Equally bemusing were the ubiquitous candid shots of Kate Moss in the late 90s/early aughties, trolling flea markets in flip-flops and sunglasses above a caption trumpeting her genius at mixing the haute with the (well-seasoned) humble. Before too long, a whole slew of models and actresses had hopped a boxcar on the quirky/eclectic/vintage train, not to mention the designers who made them look good and the mere mortals who, without benefit of stylist or personal shopper at some new, big-bucks vintage salon in LA, still managed to look like themselves (and look GOOD) by ransacking smaller vintage shops as well as the virtual vintage market for cookie-cutter-defying treasures they could actually afford.

Since I’ve been absorbing vintage and thrift store finds into my wardrobe since high school (inspired in equal parts by the fun of the hunt, the sentient aura of cast-offs, and my anemic wallet), the notion of vintage as a lucrative mass trend is a bit unsettling to me: The feminist in me certainly can’t fault any woman who tunes out messages telling her what she should look like and spend her money on, but when the more authentic persona she’s encouraged to get creative and develop itself becomes a pre-packaged consumer phenomenon, I start to feel a little confused (plus I dread the ultimate aftermath to the trend, when wearing vintage gets relegated to the “totally passe” lifestyle rack).

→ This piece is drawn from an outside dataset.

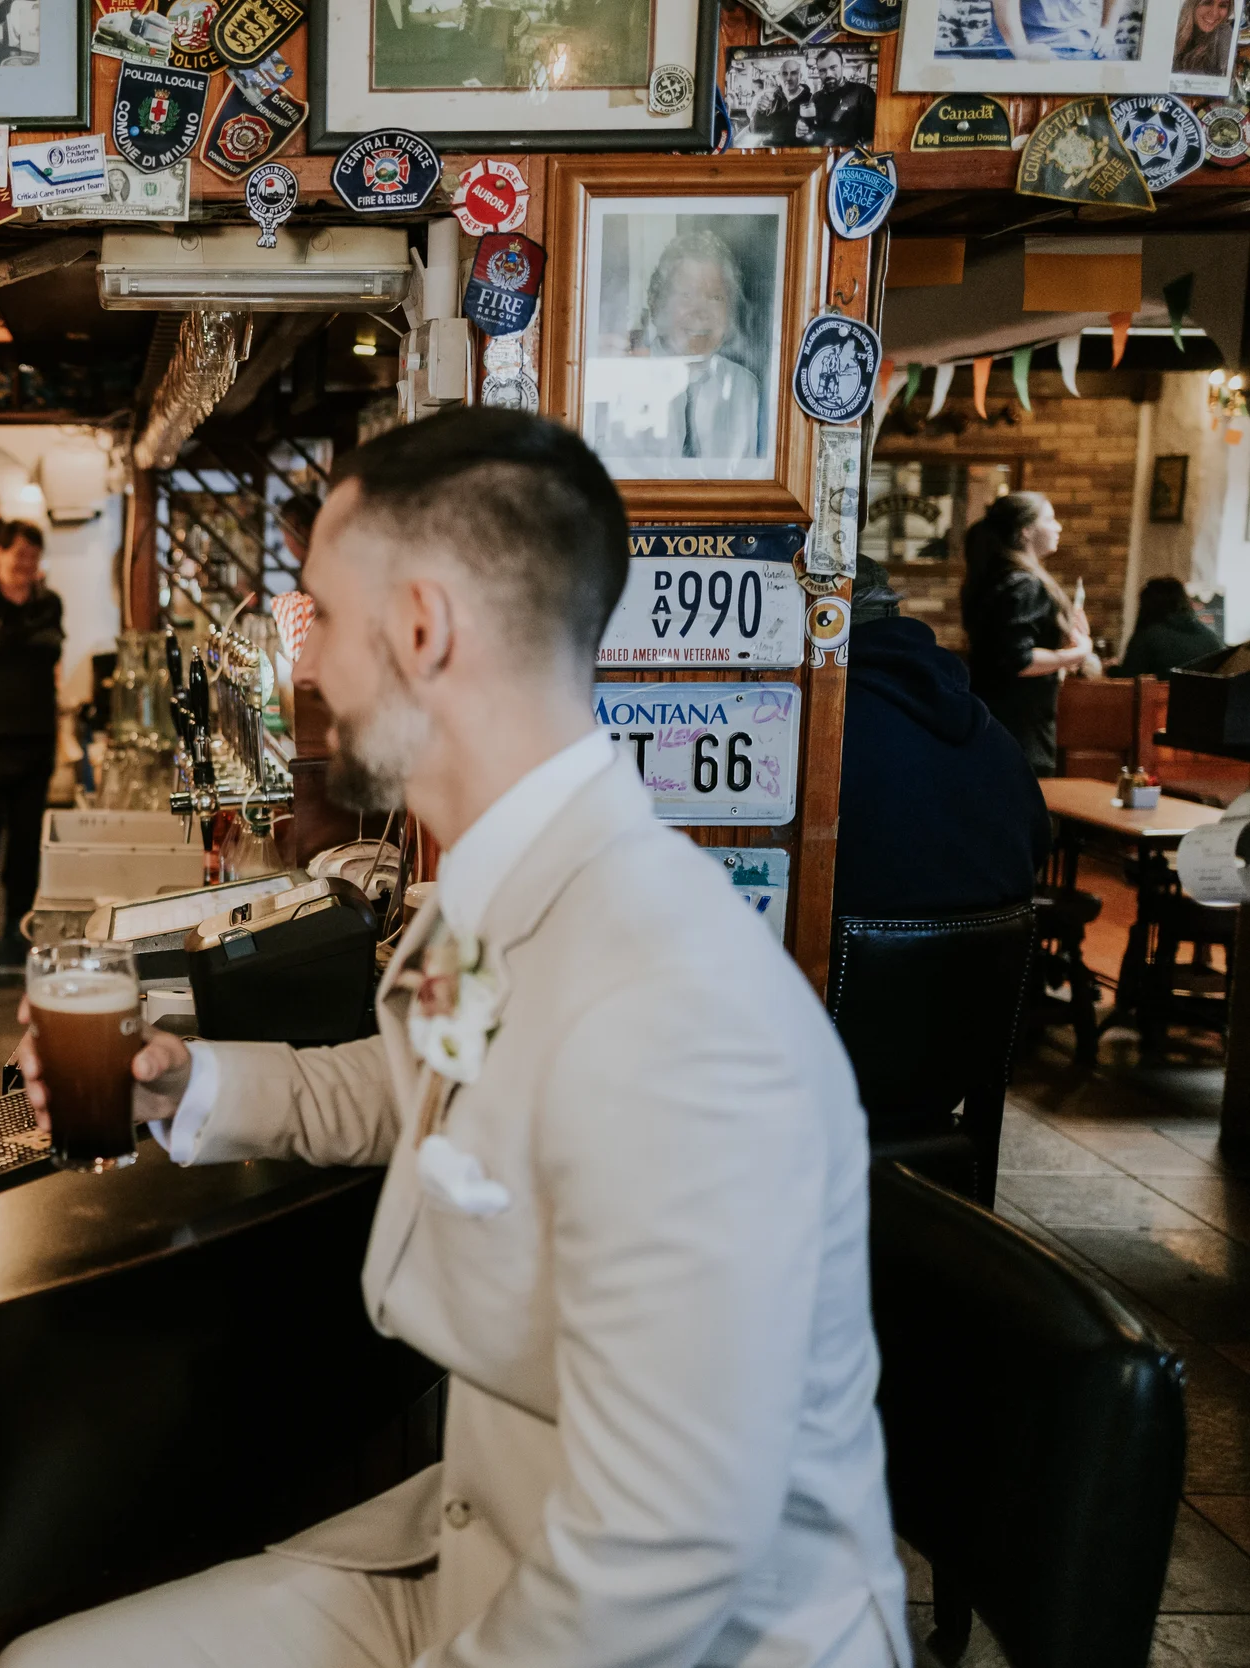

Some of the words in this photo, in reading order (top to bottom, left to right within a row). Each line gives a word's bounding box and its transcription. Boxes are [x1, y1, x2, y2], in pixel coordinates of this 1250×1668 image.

Which brings me to my ecstasy-inducing visit, early in May, to see “Rare Bird of Fashion: The Irreverent Iris Apfel” at the Norton Museum of Art in West Palm Beach, Florida. (That the exhibit closed before Memorial Day, unfortunately, cements my place as slowest blogger this side of the Pecos, but it’s still worth a visit to the stretch of Dixie Highway the museum’s on, which is studded with antique stores and a terrific boutique, Glam Vintage, where among other goodies I scored the coolest travel-themed 60s charm bracelet).

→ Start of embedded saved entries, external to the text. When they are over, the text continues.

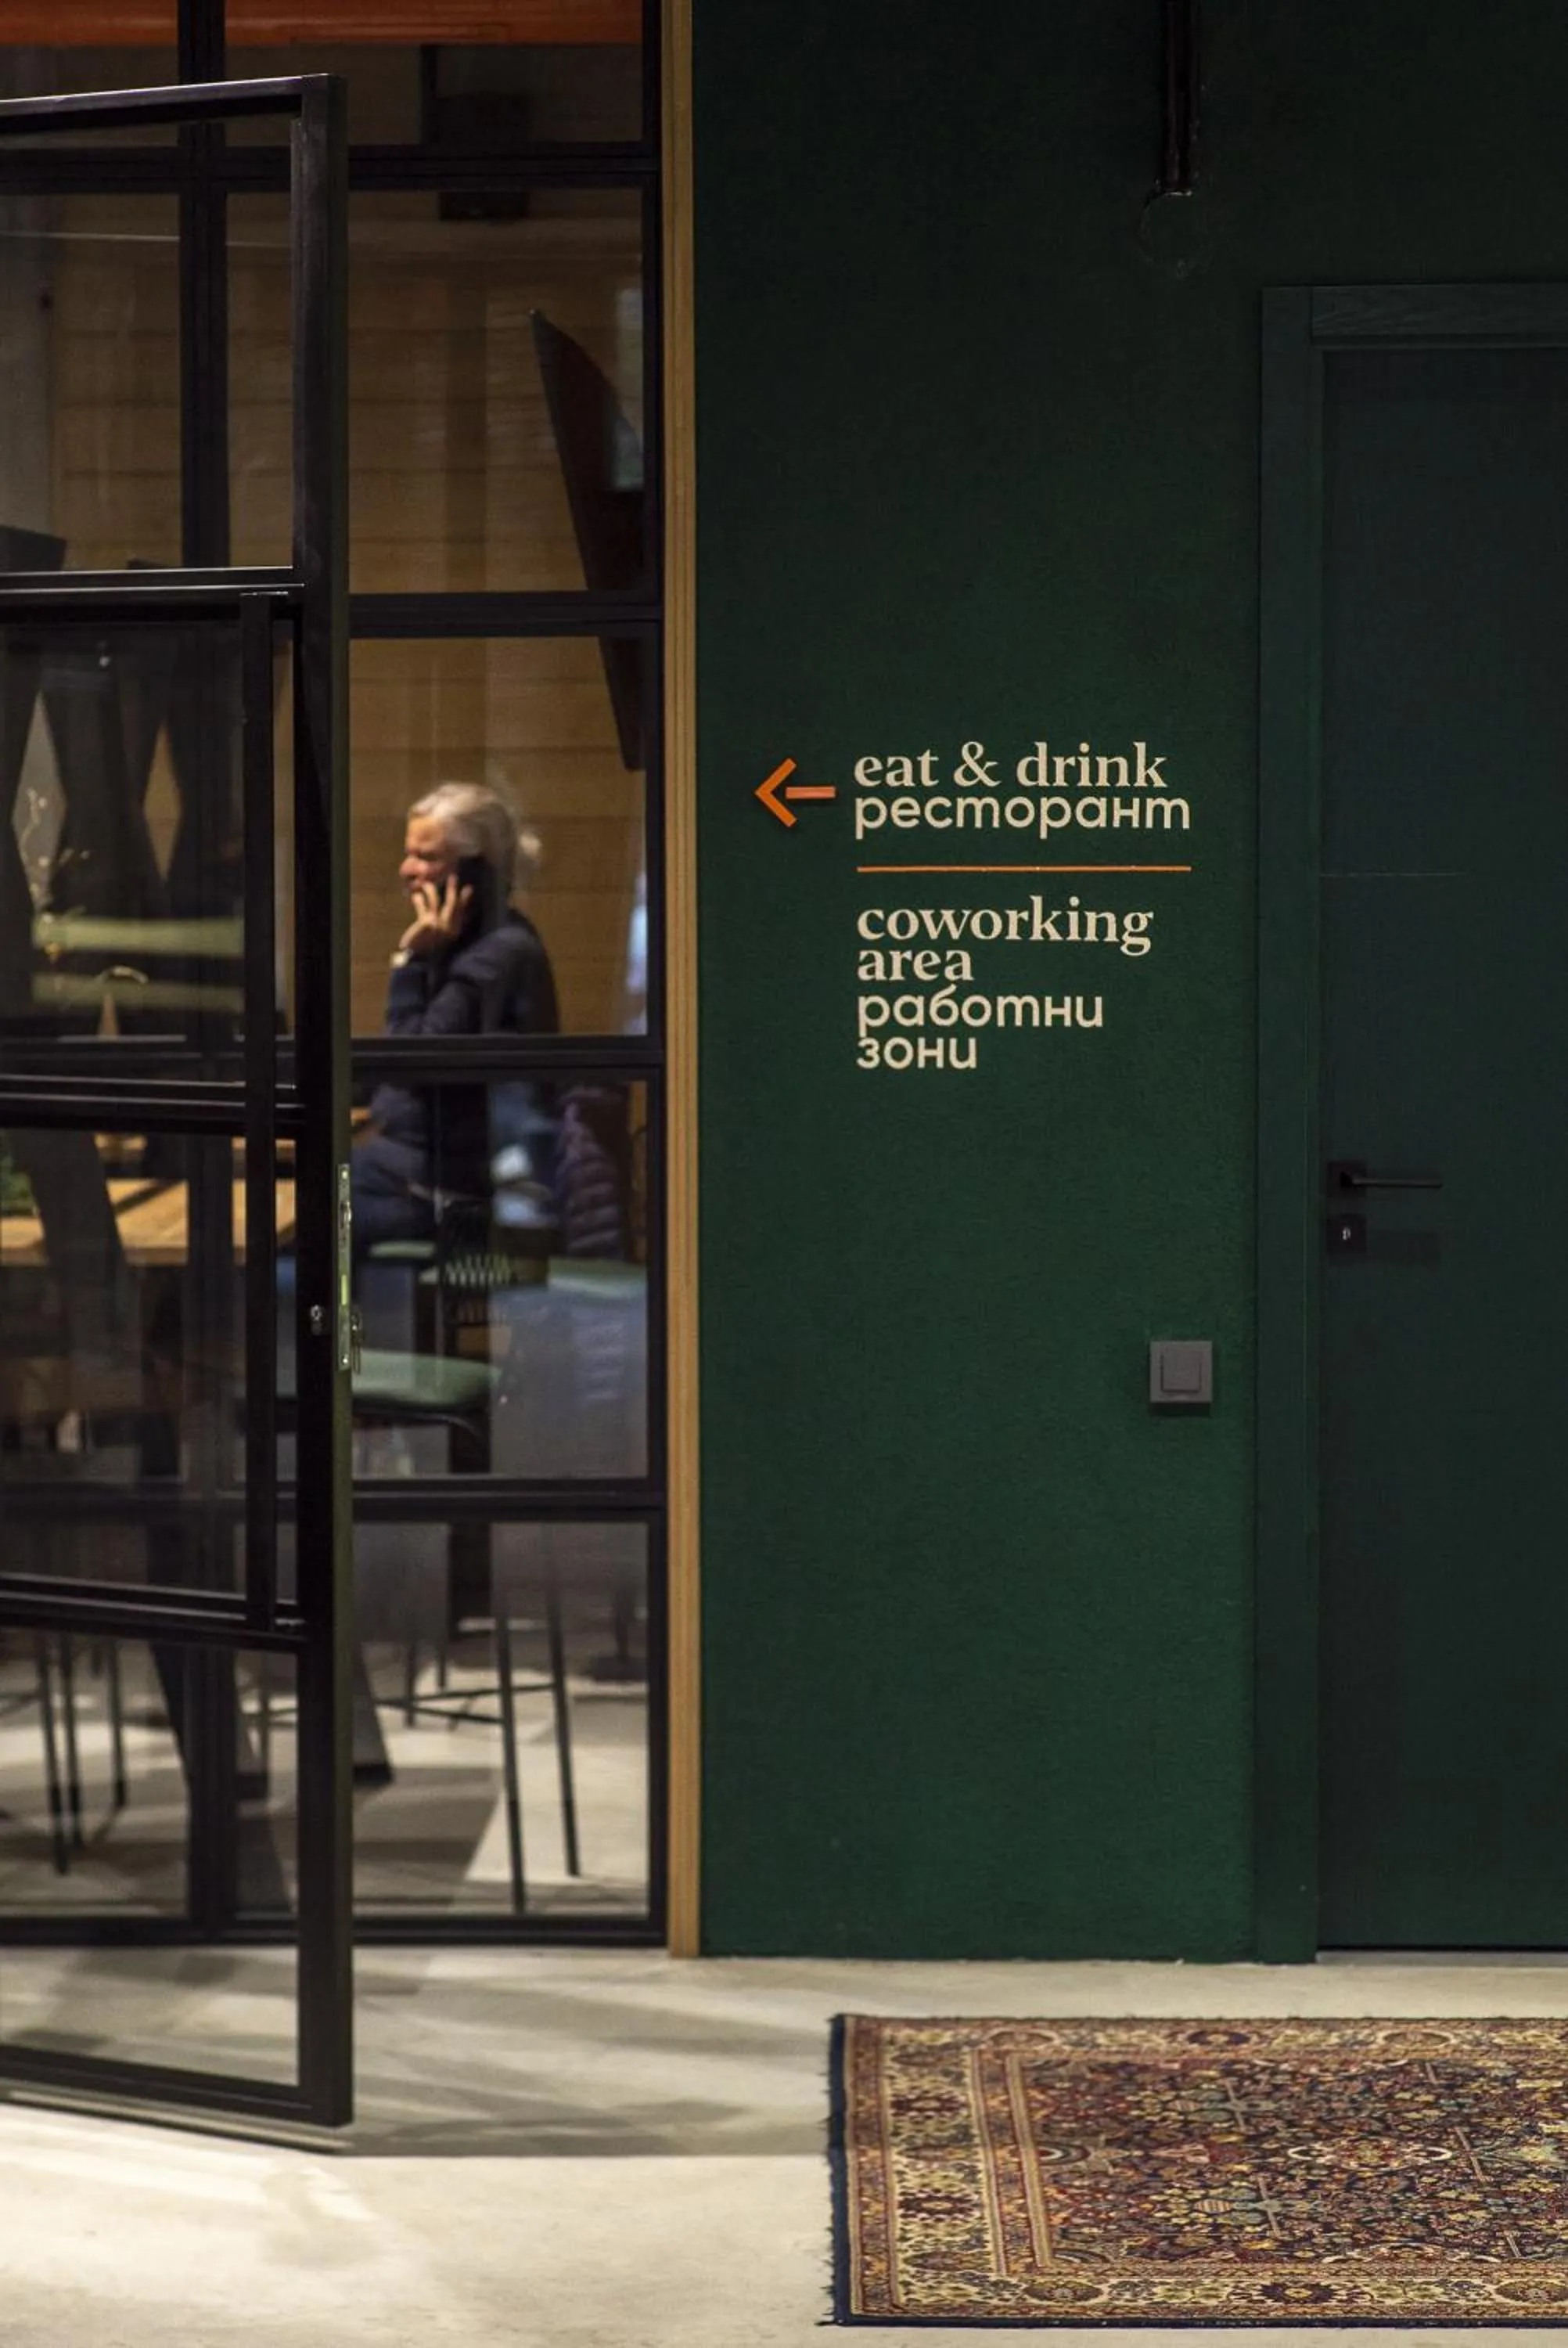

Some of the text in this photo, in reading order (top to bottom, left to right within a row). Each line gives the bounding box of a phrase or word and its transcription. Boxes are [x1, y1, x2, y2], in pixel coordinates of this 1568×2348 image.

[854, 740, 1168, 787] eat & drink
[855, 796, 1190, 840] ресторант
[857, 895, 1154, 956] coworking
[858, 949, 974, 981] area
[857, 983, 1103, 1037] работни
[857, 1036, 976, 1069] зони

Composed of 4 or 5 galleries of mannequins posed in tableaux and decked out in gorgeous, jaw-droppingly original, “exactly as she wore them” ensembles from the octogenarian style icon’s vast, omnivorous wardrobe (fed by everything from open-air souks to Loehmann’s Back Room, and enriched when necessary by designs of her own), the exhibit was a sensory feast as well as pure paradise for aficionados of vintage.

It was also proof that art happens not just on a designer’s sketch pad or in his/her atelier, but when a creative, talented woman, having put together a wardrobe that is also a world class collection, then approaches getting dressed as a matter of pooh-poohing stuffy fashion dictates and celebrating her own (slightly eccentric but thoroughly compelling) aesthetic preferences, design principles, and sheer joie de vivre.

Seeing Iris Apfel’s “collection” (much of which is apparently promised to the Metropolitan Museum of NY’s Costume Institute, where it was exhibited in late 2005) was so exhilarating an experience it even made me stop fretting that “market saturation” and “vintage” are terms destined for intonation in the same grim, oxymoronic sentence. After all, if a woman with hundreds of sumptuous designer garments (and a gazillion pieces of outsized jewelry, sigh…) can transcend her exquisite wrappings to look anything but “packaged”, then those of us with smaller budgets and less museum-worthy closets can surely also whip our wardrobes into self-expressive shape.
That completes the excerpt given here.